BMC Bioinformatics volume 21, Article number: 160 (2020)
Abstract
Background
Cytochrome P450 monooxygenases (termed CYPs or P450s) are hemoproteins ubiquitously found across all kingdoms, playing a central role in intracellular metabolism, especially in metabolism of drugs and xenobiotics. The explosive growth of genome sequencing brings a new set of challenges and issues for researchers, such as a systematic investigation of CYPs across all kingdoms in terms of identification, classification, and pan-CYPome analyses. Such investigation requires an automated tool that can handle an enormous amount of sequencing data in a timely manner.
Results
CYPminer was developed in the Python language to facilitate rapid, comprehensive analysis of CYPs from genomes of all kingdoms. CYPminer consists of two procedures i) to generate the Genome-CYP Matrix (GCM) that lists all occurrences of CYPs across the genomes, and ii) to perform analyses and visualization of the GCM, including pan-CYPomes (pan- and core-CYPome), CYP co-occurrence networks, CYP clouds, and genome clustering data.
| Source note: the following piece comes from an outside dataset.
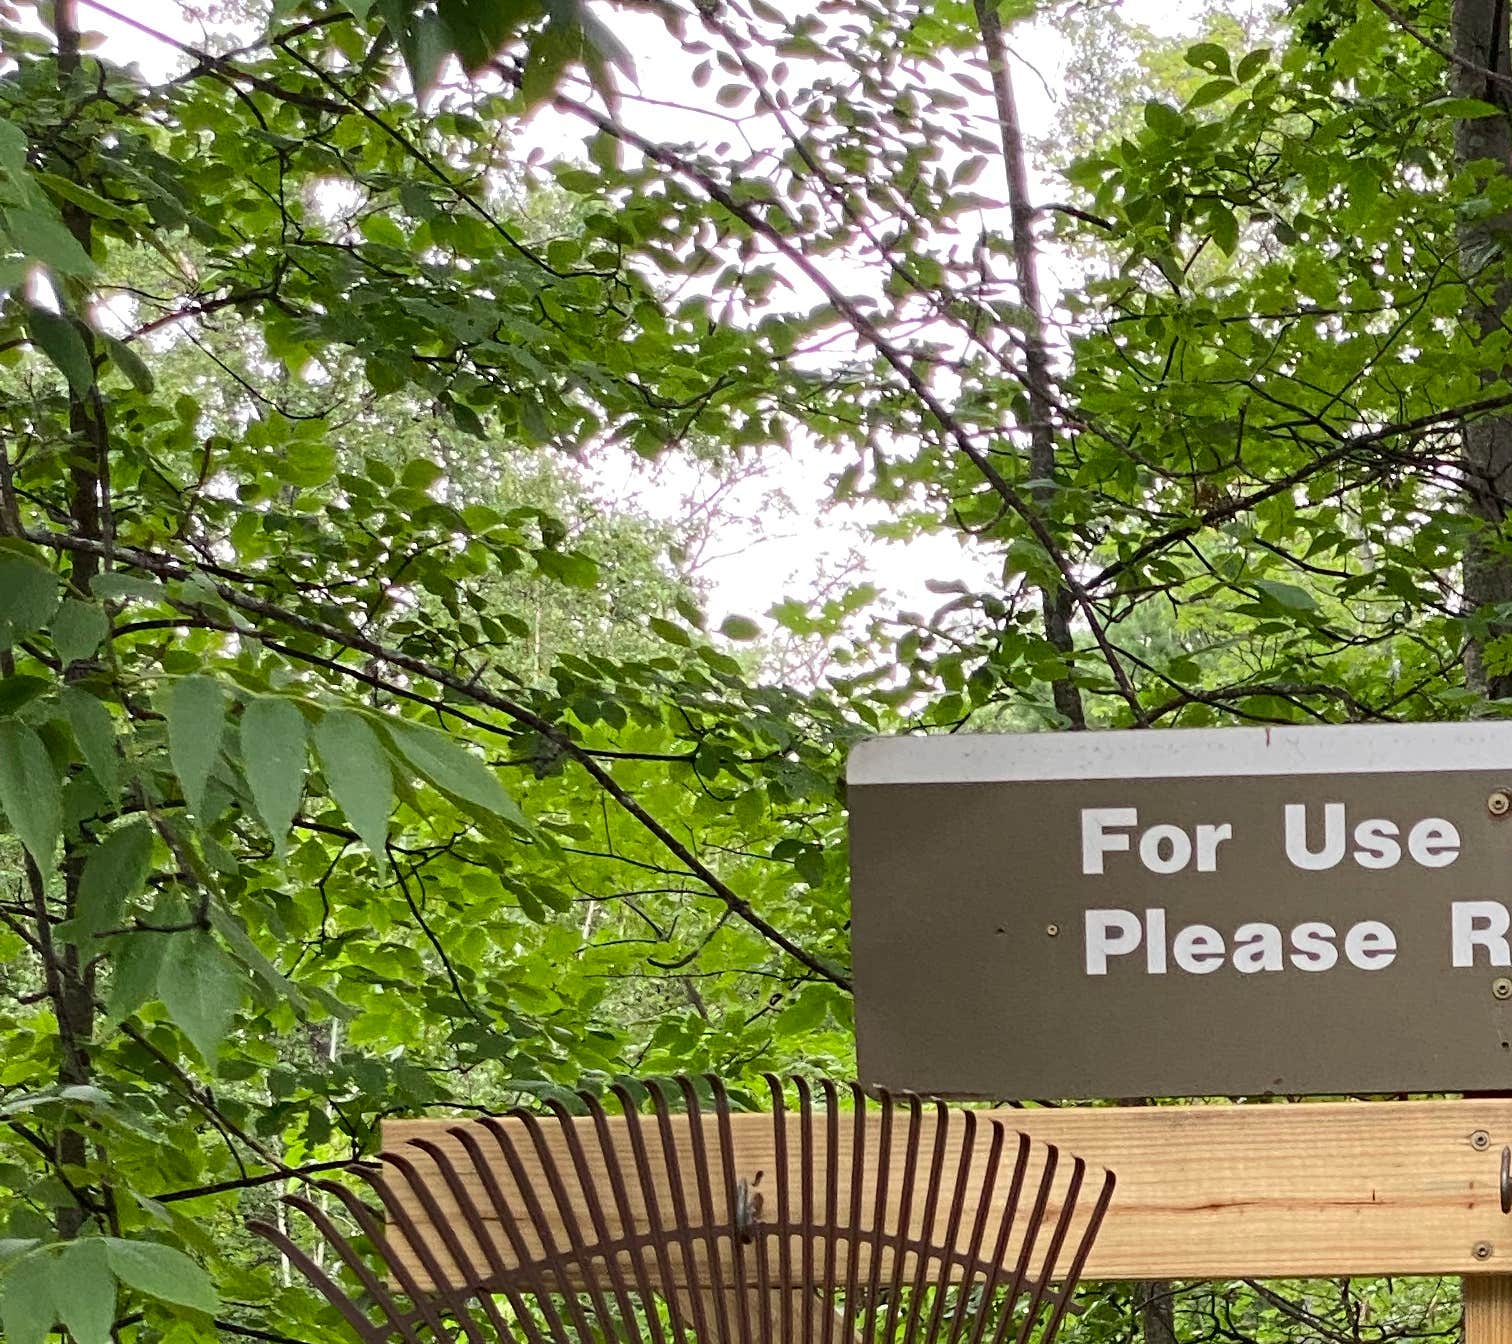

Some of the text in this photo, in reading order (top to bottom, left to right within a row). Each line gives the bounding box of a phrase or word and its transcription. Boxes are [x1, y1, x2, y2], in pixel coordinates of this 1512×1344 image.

[1081, 807, 1233, 874] For
[1284, 803, 1462, 870] Use
[1085, 908, 1398, 975] Please
The performance of CYPminer was evaluated with three datasets from fungal and bacterial genome sequences.
Conclusions
CYPminer completes CYP analyses for large-scale genomes from all kingdoms, which allows systematic genome annotation and comparative insights for CYPs. CYPminer also can be extended and adapted easily for broader usage.
Background
Cytochrome P450 monooxygenases (termed CYPs or P450s) are hemoproteins that are ubiquitously found in all kingdoms, including bacteria and viruses [1]. CYPs represent one of the largest protein families and catalyze a variety of reactions in cellular systems [2]. Since the first publication on “cytochrome P450” in 1962 [3], CYPs have been extensively researched in relation to drug metabolism, and genotypic and phenotypic evolution [4,5,6]. More than 95,000 articles have been retrieved in PubMed when searched using the keyword “cytochrome P450”.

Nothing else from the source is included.